The “Sub-Sub-Librarian” bit is especially great. Great enough to quote below in full! “Call me Ishmael” gets all the attention, and it’s certainly more succinct. But this introduction to the “Extracts” section also deserves some love.
Summary
EXTRACTS. (Supplied by a Sub-Sub-Librarian).
It will be seen that this mere painstaking burrower and grub-worm of a poor devil of a Sub-Sub appears to have gone through the long Vaticans and street-stalls of the earth, picking up whatever random allusions to whales he could anyways find in any book whatsoever, sacred or profane. Therefore you must not, in every case at least, take the higgledy-piggledy whale statements, however authentic, in these extracts, for veritable gospel cetology. Far from it. As touching the ancient authors generally, as well as the poets here appearing, these extracts are solely valuable or entertaining, as affording a glancing bird’s eye view of what has been promiscuously said, thought, fancied, and sung of Leviathan, by many nations and generations, including our own.

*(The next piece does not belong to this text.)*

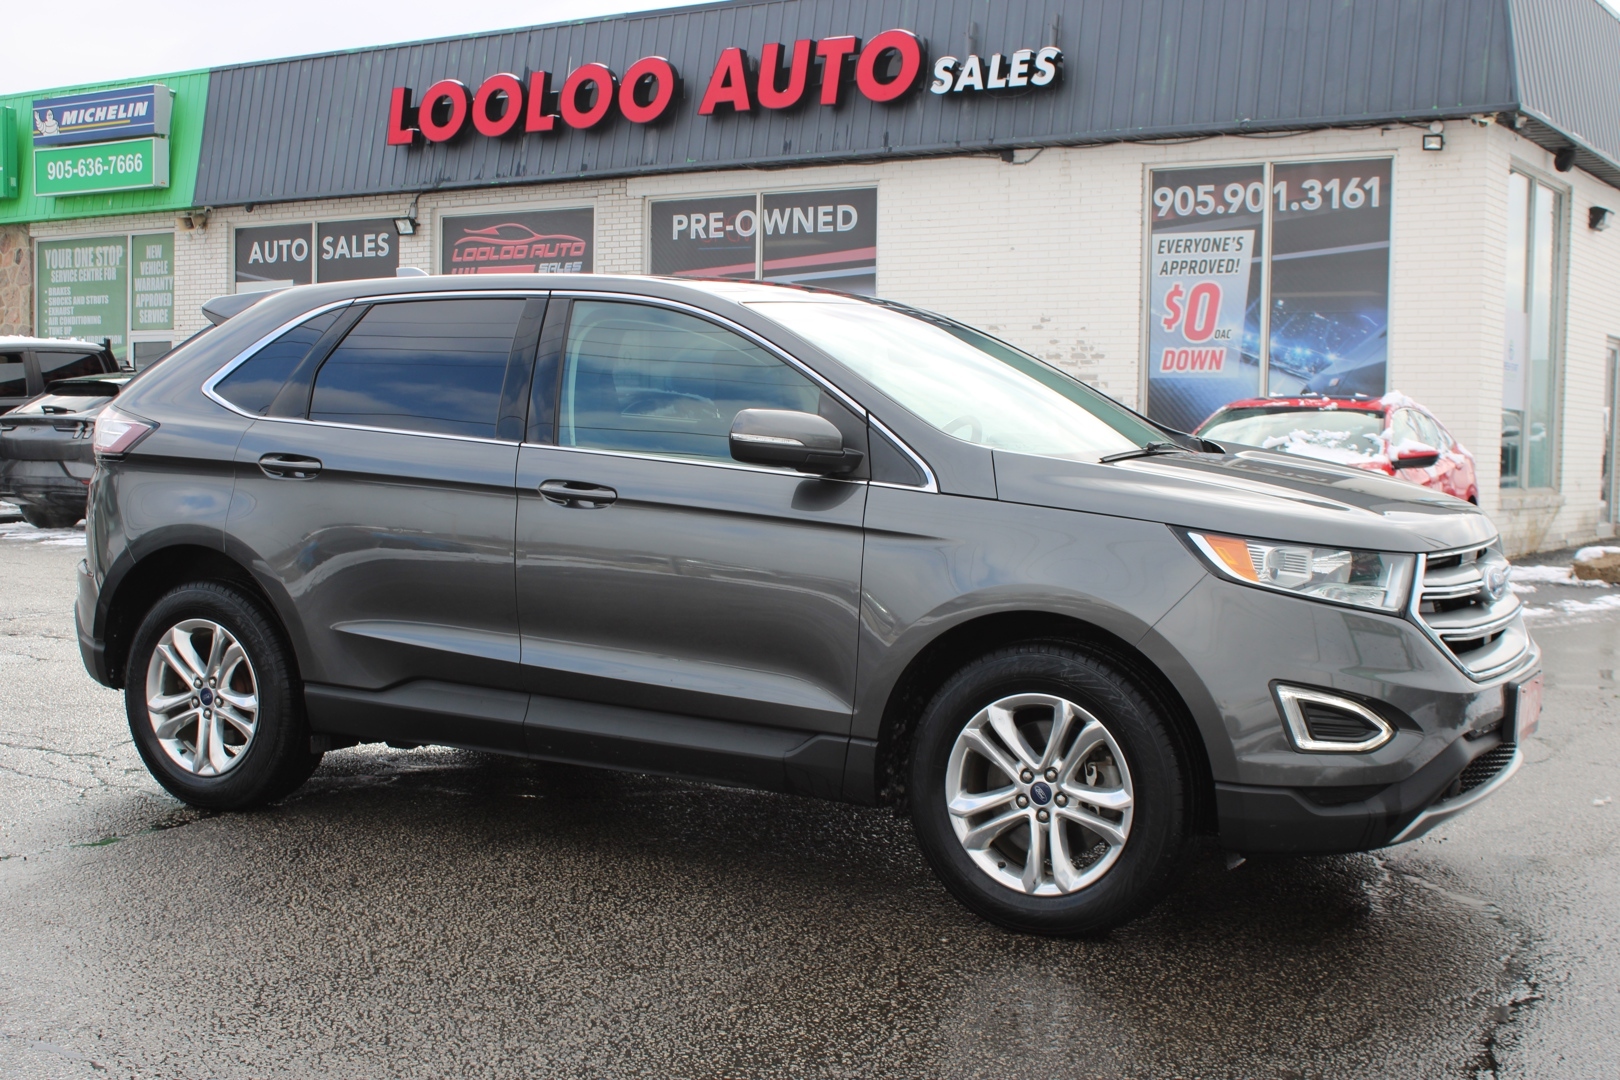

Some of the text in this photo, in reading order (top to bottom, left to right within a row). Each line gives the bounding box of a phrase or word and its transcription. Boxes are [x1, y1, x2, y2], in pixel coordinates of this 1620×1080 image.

So fare thee well, poor devil of a Sub-Sub, whose commentator I am. Thou belongest to that hopeless, sallow tribe which no wine of this world will ever warm; and for whom even Pale Sherry would be too rosy-strong; but with whom one sometimes loves to sit, and feel poor-devilish, too; and grow convivial upon tears; and say to them bluntly, with full eyes and empty glasses, and in not altogether unpleasant sadness—Give it up, Sub-Subs! For by how much the more pains ye take to please the world, by so much the more shall ye for ever go thankless! Would that I could clear out Hampton Court and the Tuileries for ye! But gulp down your tears and hie aloft to the royal-mast with your hearts; for your friends who have gone before are clearing out the seven-storied heavens, and making refugees of long-pampered Gabriel, Michael, and Raphael, against your coming. Here ye strike but splintered hearts together—there, ye shall strike unsplinterable glasses!